▶ **Problem details**: If a line in the records contains the word "text", count it; state the resulting number and nothing more.

::: Material for this task :::

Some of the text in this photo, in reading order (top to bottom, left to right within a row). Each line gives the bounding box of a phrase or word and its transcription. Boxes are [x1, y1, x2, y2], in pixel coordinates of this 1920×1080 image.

:::
::: Material for this task :::

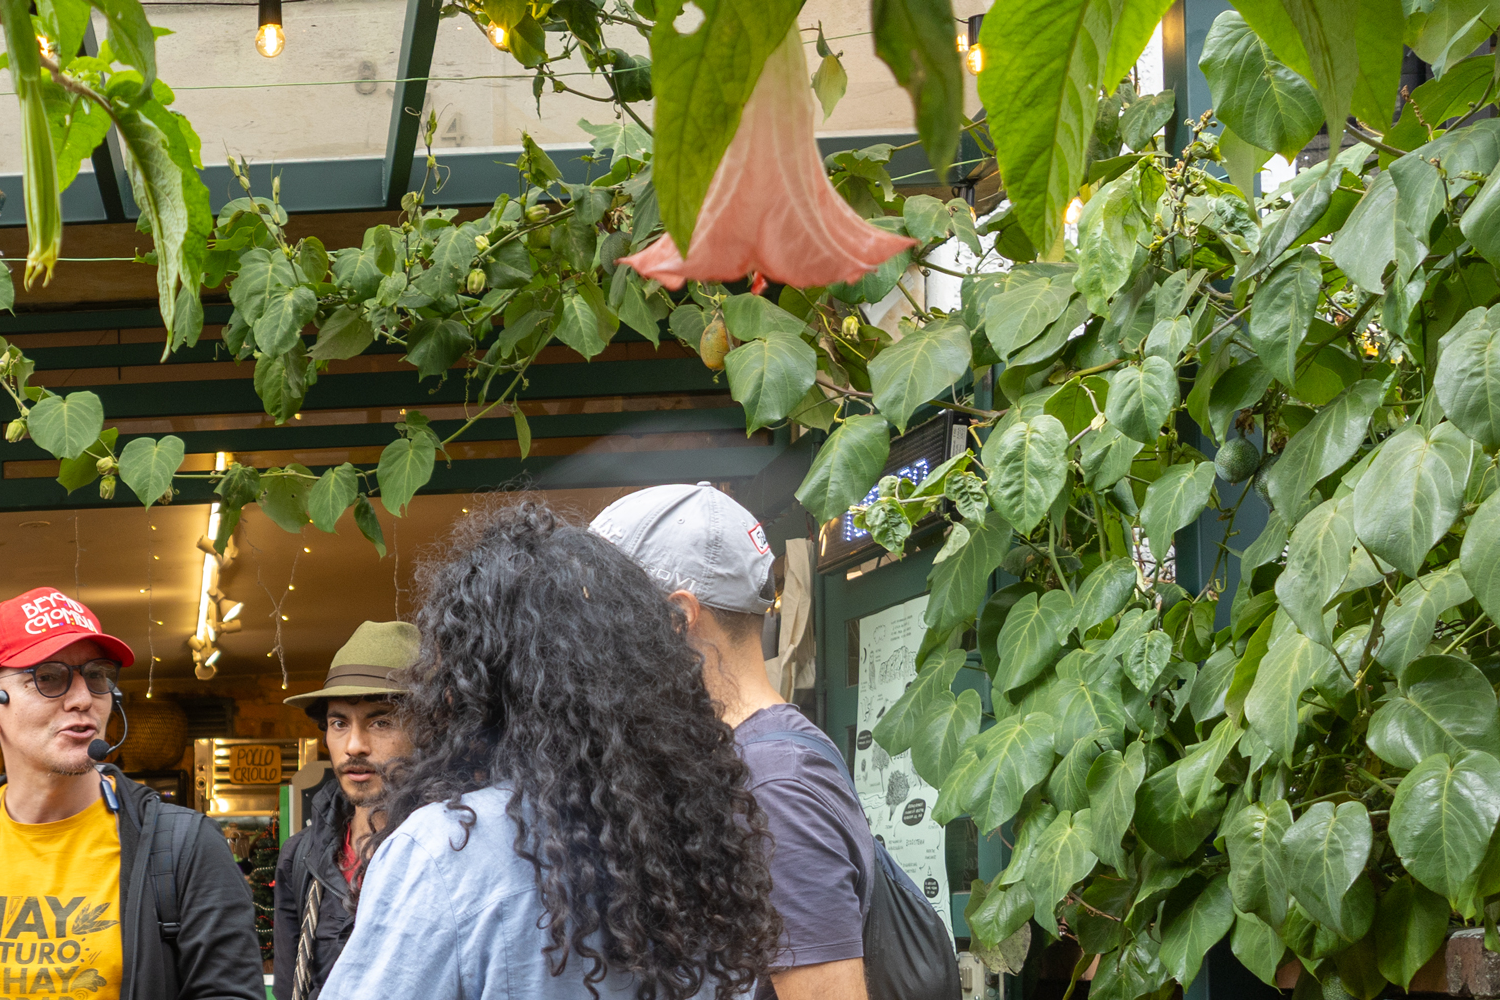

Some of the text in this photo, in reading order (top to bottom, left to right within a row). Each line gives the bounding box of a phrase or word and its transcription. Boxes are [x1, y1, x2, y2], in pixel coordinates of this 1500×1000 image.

:::
::: Material for this task :::

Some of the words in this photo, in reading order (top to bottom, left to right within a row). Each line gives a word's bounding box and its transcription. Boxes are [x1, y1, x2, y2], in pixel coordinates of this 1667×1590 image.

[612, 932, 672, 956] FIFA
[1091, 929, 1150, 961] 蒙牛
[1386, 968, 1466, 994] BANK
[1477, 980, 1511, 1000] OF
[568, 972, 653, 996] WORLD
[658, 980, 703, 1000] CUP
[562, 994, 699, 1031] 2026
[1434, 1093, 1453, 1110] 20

:::

▶ **Solution to this exercise**: 2